What cellular functions has TMEM55B been implicated in?

TMEM55B participates in multiple critical cellular processes:

How is TMEM55B expression regulated in response to cellular stress?

TMEM55B functions as a molecular sensor that coordinates cellular responses to oxidative stress. When cells experience oxidative stress (e.g., exposure to arsenite/NaAsO₂), TMEM55B undergoes increased ubiquitination mediated by NEDD4-like E3 ligases . This post-translational modification is dependent on TMEM55B's PPXY motif, as mutation of this motif (P66A) prevents stress-induced ubiquitination .

The regulation involves:

• Increased interaction with NEDD4-like E3 ligases specifically during oxidative stress

• Ubiquitination at multiple lysine residues (K96, K103, K114, K120, K121, K134, and K148)

• Subsequent activation of downstream pathways for halting autophagosome-lysosome fusion and promoting lysosomal repair

Importantly, knockout of TMEM55B genes in zebrafish embryos increases susceptibility to oxidative stress, resulting in early death upon arsenite toxicity, highlighting the protein's essential role in stress resilience .

What is the relationship between TMEM55B and LRRK2 signaling pathways?

TMEM55B interacts with the LRRK2 signaling pathway through its association with RILPL1. This interaction is dependent on LRRK2 kinase activity . Research indicates that:

• TMEM55B co-immunoprecipitates with wild-type RILPL1 when co-expressed with LRRK2[Y1699C], but not with mutant RILPL1[R293A]

• Treatment with MLi-2 (LRRK2 inhibitor) or introduction of a kinase-dead mutation (D2017A) markedly inhibits association of RILPL1 with TMEM55B

• The C-terminal 8 amino acids of RILPL1 are essential for binding to TMEM55B, and mutation of several residues within this TMEM-Binding motif (Glu394Lys, Glu398Lys, and Ala399Leu) suppresses interaction

• Neither RILP nor RILPL2 co-immunoprecipitate with TMEM55B, consistent with the lack of conservation of the TMEM55-Binding motif in these proteins

LRRK2 activity promotes co-localization of RILPL1 and TMEM55B at lysosomes, with confocal microscopy showing that endogenous pRab10, overexpressed Myc-RILPL1, and endogenous TMEM55B co-localize in the perinuclear region . This co-localization is reduced with MLi-2 treatment but not significantly affected by nocodazole treatment .
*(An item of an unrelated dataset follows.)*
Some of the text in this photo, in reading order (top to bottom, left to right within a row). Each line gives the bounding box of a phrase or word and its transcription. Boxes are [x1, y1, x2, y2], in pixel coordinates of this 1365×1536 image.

How does TMEM55B contribute to the V-ATPase assembly and subsequent mTORC1 activation?

TMEM55B plays a crucial role in the assembly of the vacuolar-type proton ATPase (V-ATPase) complex in lipid rafts of the lysosomal membrane, which is essential for mTORC1 activation .

The mechanistic process involves:

• TMEM55B interacts with components of the V-ATPase and Ragulator complexes at the lysosomal membrane

• This interaction facilitates the recruitment of the V1 domain subcomplex of V-ATPase to lipid rafts

• Proper assembly of the V-ATPase complex enables amino acid-induced mTORC1 activation

• In TMEM55B-depleted cells, amino acid-induced phosphorylation of mTORC1 substrates S6K and 4E-BP is attenuated

• TMEM55B depletion also evokes lysosomal stress, as evidenced by translocation of the transcription factor TFEB to the nucleus

This suggests a model where TMEM55B acts as a scaffold protein that coordinates the assembly of the V-ATPase complex, which is necessary for amino acid sensing and subsequent mTORC1 activation.
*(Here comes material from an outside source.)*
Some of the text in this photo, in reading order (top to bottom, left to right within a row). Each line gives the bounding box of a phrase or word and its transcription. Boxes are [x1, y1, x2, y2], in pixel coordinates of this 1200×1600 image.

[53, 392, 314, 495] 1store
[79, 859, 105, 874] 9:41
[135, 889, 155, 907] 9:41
What is the role of TMEM55B in lipophagy and mitophagy, and how does it impact metabolic disease?

TMEM55B deficiency creates an imbalance between lipophagy and mitophagy that can accelerate metabolic dysfunction-associated steatotic liver disease (MASLD) .

The dual effect involves:

• Enhanced lipophagy: TMEM55B deficiency increases lipophagy, leading to increased fatty acid release from lysosomes to mitochondria

• Impaired mitophagy: Simultaneously, TMEM55B deficiency impairs mitophagy, causing an accumulation of dysfunctional mitochondria

• Metabolic consequences: This imbalance leads to increased lipid accumulation and oxidative stress, worsening MASLD

• Lysosomal positioning effects: Inhibition of TMEM55B in hepatoma cell lines leads to perinuclear localization of lysosomes, which appear both enlarged and immobile

Research in murine models demonstrates that inhibition of TMEM55B accelerates MASLD onset and progression, suggesting that TMEM55B's role in maintaining the balance between lipophagy and mitophagy is crucial for metabolic homeostasis .

What expression systems and purification strategies are most effective for producing recombinant TMEM55B?

Based on commercial protein information, several expression systems have been successfully used for recombinant TMEM55B production:

For purification of recombinant TMEM55B, the following approaches are recommended:

• Use of affinity tags (His-tag, GST-tag) for initial capture

• Size exclusion chromatography to remove aggregates and improve homogeneity

• Ion exchange chromatography for further purification if needed

• Quality control by SDS-PAGE to confirm purity (≥85-90% purity is achievable)

What methodologies are recommended for studying TMEM55B's role in lysosomal repair and autophagy regulation?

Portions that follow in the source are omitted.